In the first 11 months of this year, Chinese exports to the United States totaled $536 billion, exceeding $518.4 billion to the European Union (EU) and $515 billion to ASEAN countries, according to Chinese customs.
The numbers show that China’s year-on-year export growth in the first 11 months this year was only 9.1 percent, which pales in comparison to last year’s 30.7 percent in the same period.
Regarding the topic, Mike Sun, a U.S.-based investment consultant and expert on China issues, told The Epoch Times on Dec. 19 that lower U.S. consumption greatly impacts China’s exports.
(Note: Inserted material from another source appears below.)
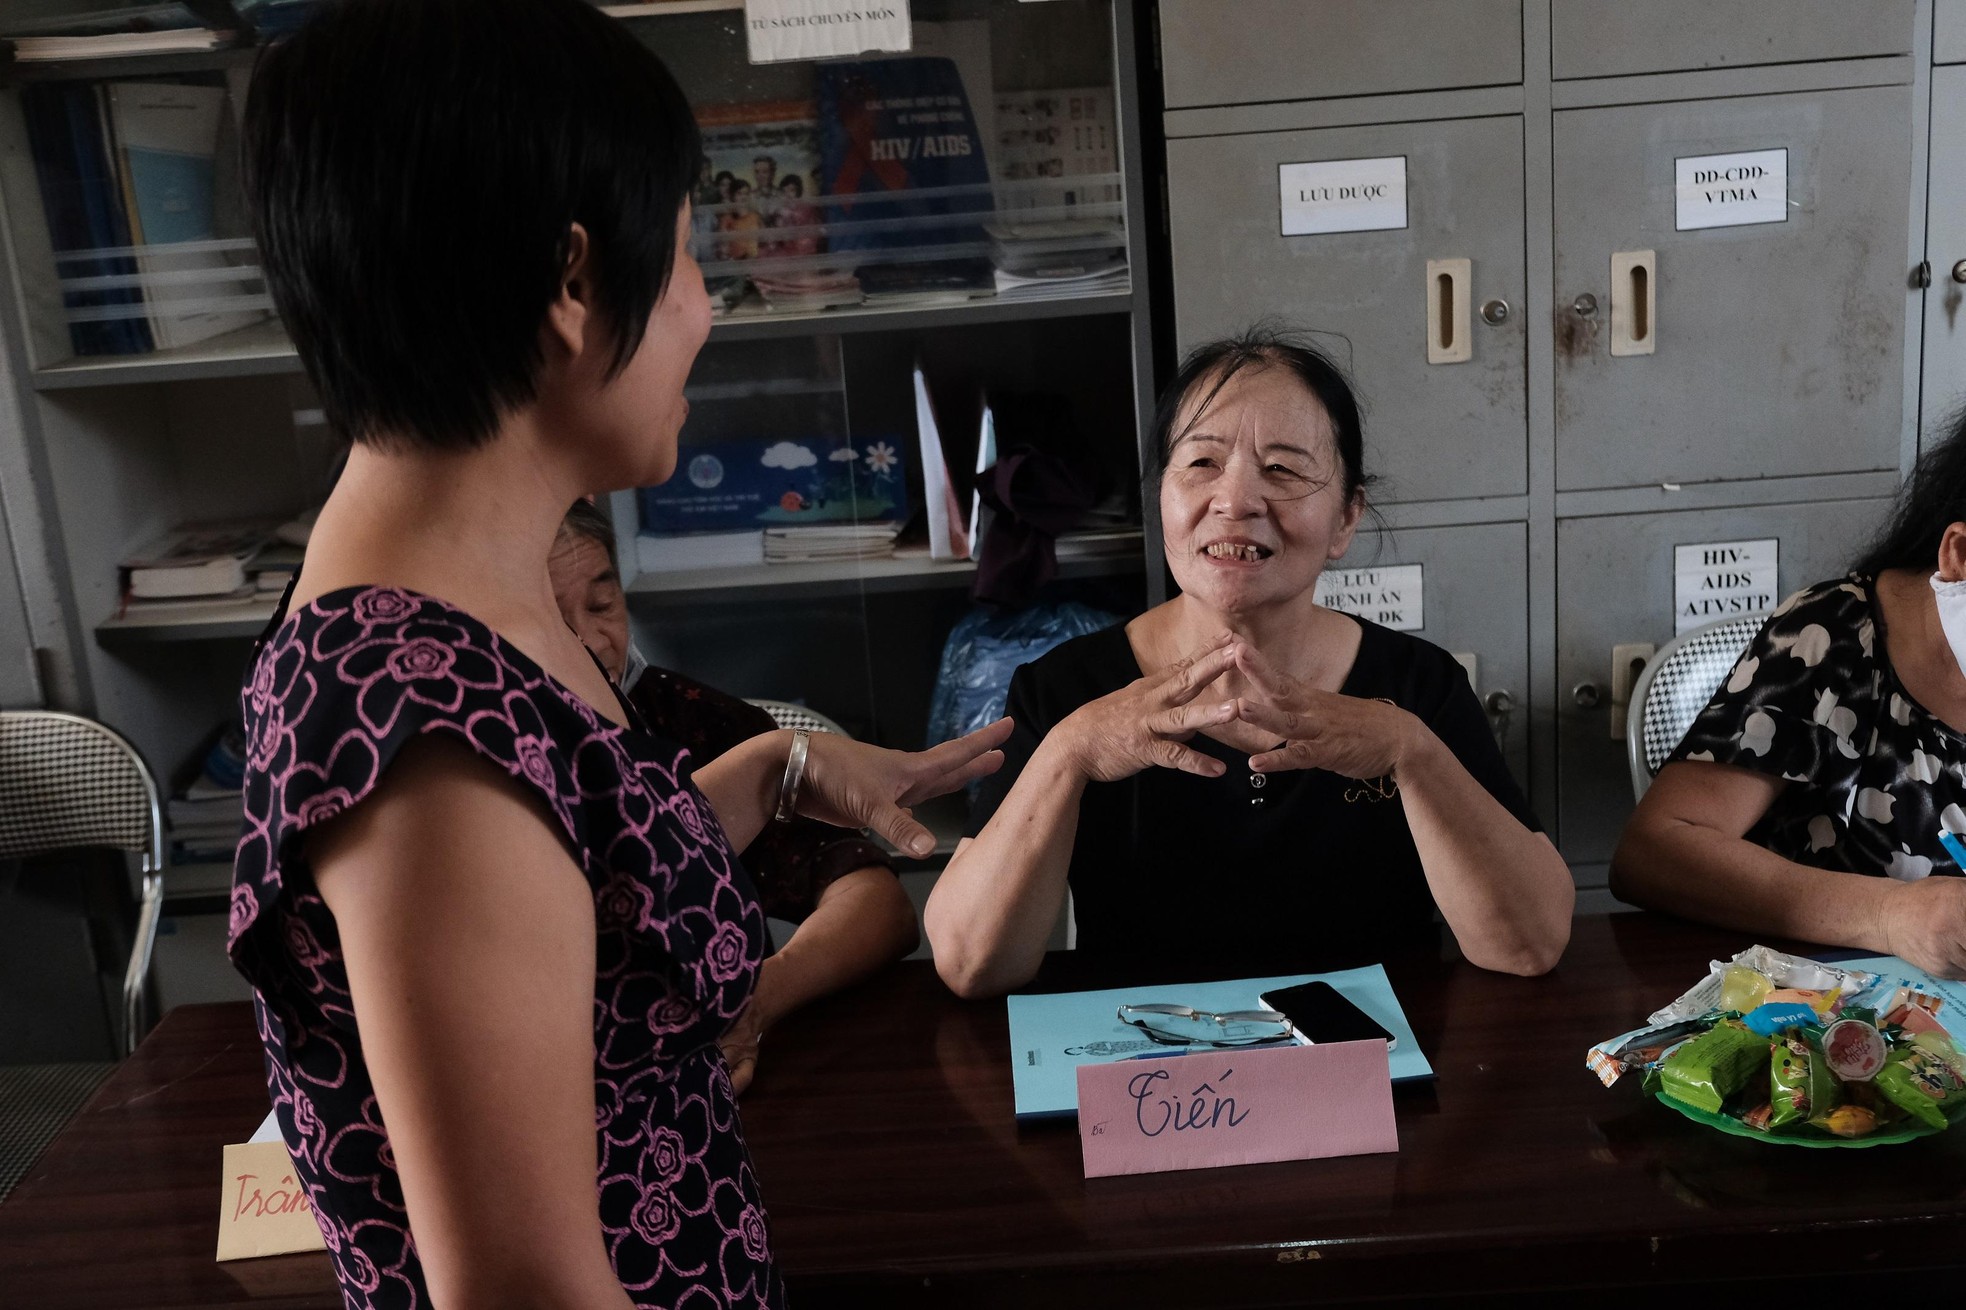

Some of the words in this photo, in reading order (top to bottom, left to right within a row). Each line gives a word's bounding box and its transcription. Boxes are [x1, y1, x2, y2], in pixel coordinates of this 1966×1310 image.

Sun said, based on the available data, the Chinese export of textiles from Ningbo, Zhejiang, saw a significant decline. Some factories have paused their operation far ahead of the holiday season, while others have even been on “permanent holidays.”
In the past, the last two months of each year were the busiest season for garment and textile factories as they rushed to deliver orders and stock up inventory for the coming year.
However, according to the state-owned China Business Network, many garment and textile factories are “preparing for early holidays this year,” pausing operations as early as late November.
On Dec. 10, China’s Ministry of Commerce released the latest Shengze silk and chemical fiber index, a monthly indicator of the market sentiment in China’s textile industry. One of the sub-indices, the prosperity index, was 92.4, a 3.11 percent decrease from the index value on Nov. 10.
In the past few years, the highest recorded prosperity index was 132.75 in May 2018, and it was 108.53 in January 2020 at the start of the global pandemic. The prosperity index considers 15 aspects, such as purchase cost, total sales volume, product order, price, and inventory, based on data from over 300 merchants.
As inventories increase, demand for imports naturally falls.
Sun believes that “the prospect of China’s foreign trade exports is getting bleaker. On the one hand, the demand in the United States is declining. On the other hand, the manufacturing and orders are shifting to countries other than China.”
Exports are one of the main driving forces of China’s economic growth, and the decline in exports is bound to affect its foreign trade and the Chinese economy.
The Chinese state-run National People’s Congress magazine published an article in the 21st issue of 2019. It estimated that foreign trade, directly and indirectly, created about 180 million jobs in China, accounting for more than 20 percent of the country’s total employment.
According to the national economic data released by the Chinese statistics bureau on Dec. 15, the unemployment rate is rising for its main working-age group between the ages of 25 and 59. The decline also applies to workers from big cities and migrant laborers with agricultural household registration.
Among them, the measured unemployment rate in 31 major cities was a record 6.7 percent in November. The unemployment rate for young people aged 16–24 was 17.1 percent, significantly higher than in the same period last year.